§ Records contained in a dataset:
____

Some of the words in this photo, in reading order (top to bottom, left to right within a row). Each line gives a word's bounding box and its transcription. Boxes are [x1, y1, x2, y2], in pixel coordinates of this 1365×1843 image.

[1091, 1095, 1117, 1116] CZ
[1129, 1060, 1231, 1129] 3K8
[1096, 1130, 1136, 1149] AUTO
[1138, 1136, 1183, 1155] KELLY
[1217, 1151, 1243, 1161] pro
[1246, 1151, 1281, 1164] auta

____

Retype all of the records above, keeping them identical.

§ Exercise response:
Some of the words in this photo, in reading order (top to bottom, left to right within a row). Each line gives a word's bounding box and its transcription. Boxes are [x1, y1, x2, y2], in pixel coordinates of this 1365×1843 image.

[1091, 1095, 1117, 1116] CZ
[1129, 1060, 1231, 1129] 3K8
[1096, 1130, 1136, 1149] AUTO
[1138, 1136, 1183, 1155] KELLY
[1217, 1151, 1243, 1161] pro
[1246, 1151, 1281, 1164] auta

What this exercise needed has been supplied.